La réponse est complexe, mais elle converge vers un coupable principal : l’activité humaine. Pollution, surexploitation des ressources, expansion agricole, urbanisation galopante, braconnage, changement climatique… Tous ces facteurs se combinent pour fragiliser des écosystèmes déjà vulnérables.
Prenons le cas des forêts tropicales. Riches en biodiversité, elles sont rasées à grande vitesse pour laisser place à des plantations industrielles ou à l’exploitation minière. Dans ce processus, les espèces forestières perdent leur habitat, leur nourriture, et deviennent des proies faciles pour les trafiquants.

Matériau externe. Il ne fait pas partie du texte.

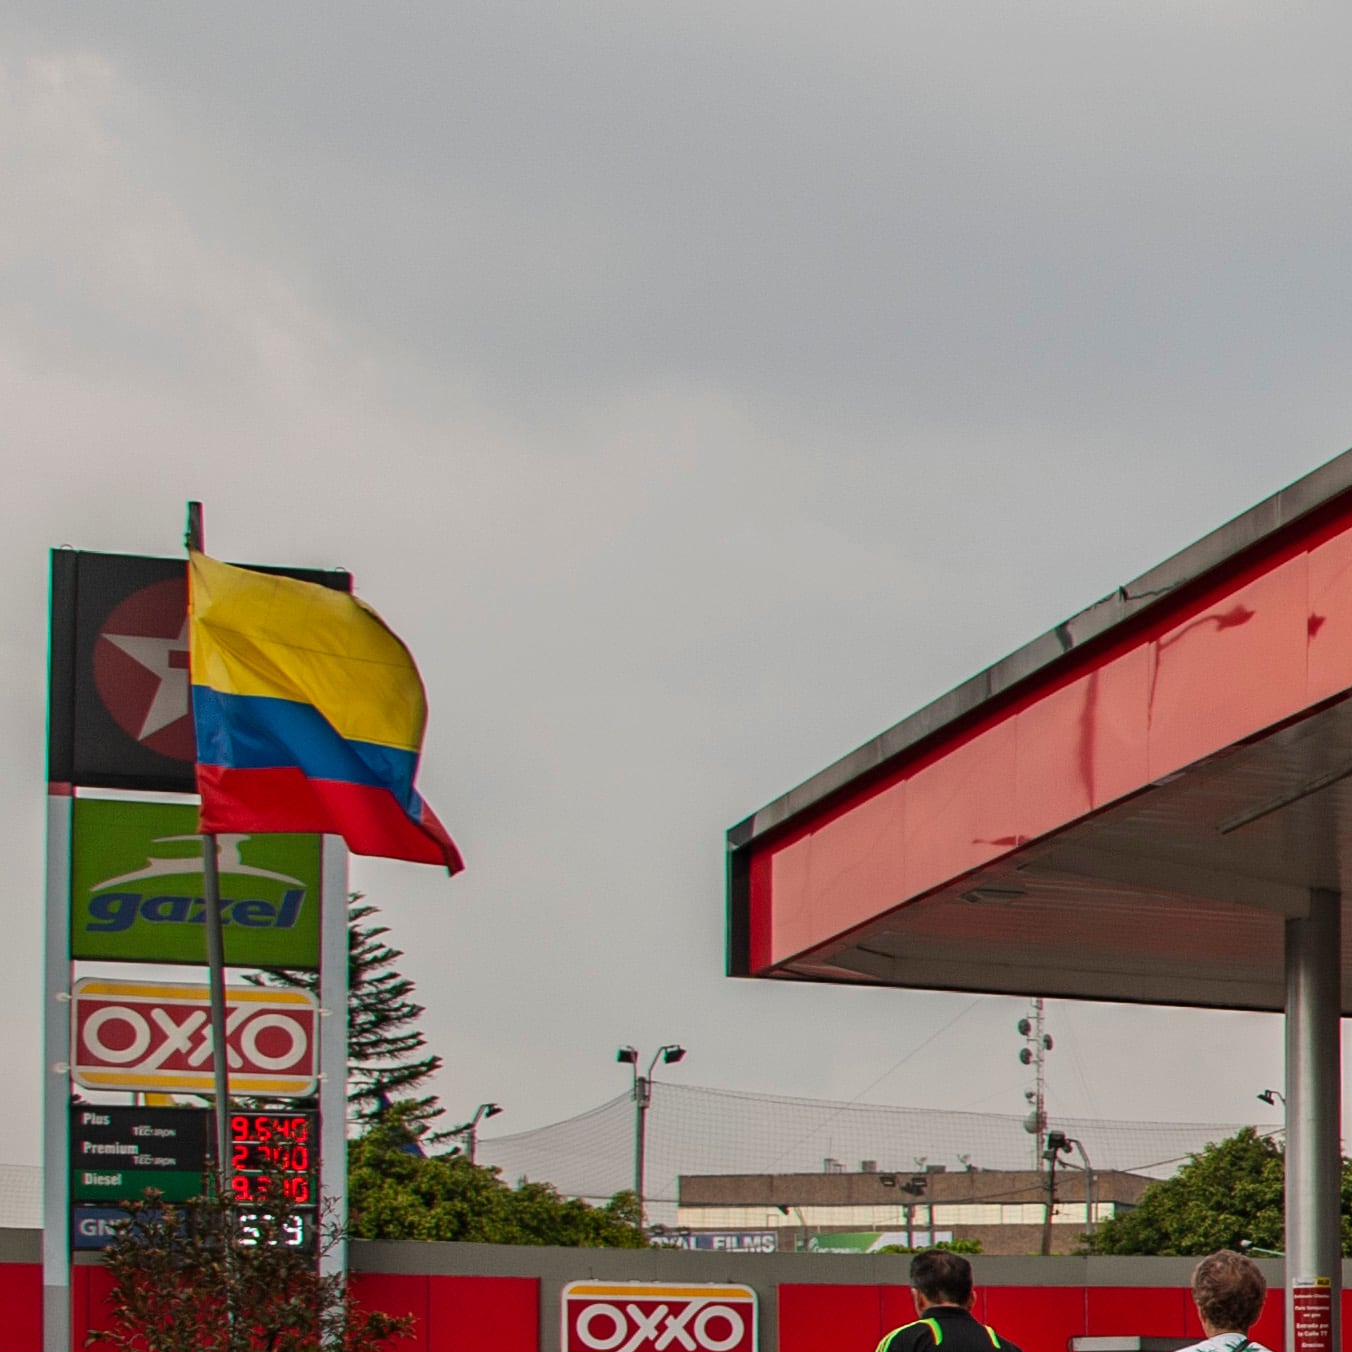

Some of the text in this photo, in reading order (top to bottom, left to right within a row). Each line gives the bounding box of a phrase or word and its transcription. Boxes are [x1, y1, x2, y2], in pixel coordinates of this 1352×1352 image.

Le commerce illégal d’animaux sauvages constitue également une menace majeure. Pangolins, éléphants, tigres, mais aussi oiseaux tropicaux ou tortues exotiques sont traqués, vendus et souvent tués. Ce marché noir, qui génère des milliards de dollars chaque année, alimente la disparition d’espèces à un rythme effréné.
Un devoir moral, une urgence écologique
Le message porté par la Journée mondiale des espèces menacées est limpide : nous avons atteint un point de bascule. La disparition d’une espèce n’est pas une anecdote, c’est la perte d’un maillon de la chaîne du vivant. Et lorsque cette chaîne se rompt, c’est l’ensemble de notre équilibre écologique qui vacille.
La nature n’est pas un décor figé ou un simple réservoir de ressources. Elle est vivante, interconnectée, fragile. Le gorille des montagnes ne vit pas isolé sur un mont enneigé : il est lié aux arbres qu’il nourrit, aux sols qu’il fertilise, aux insectes qu’il disperse. En le protégeant, c’est tout un écosystème que nous défendons.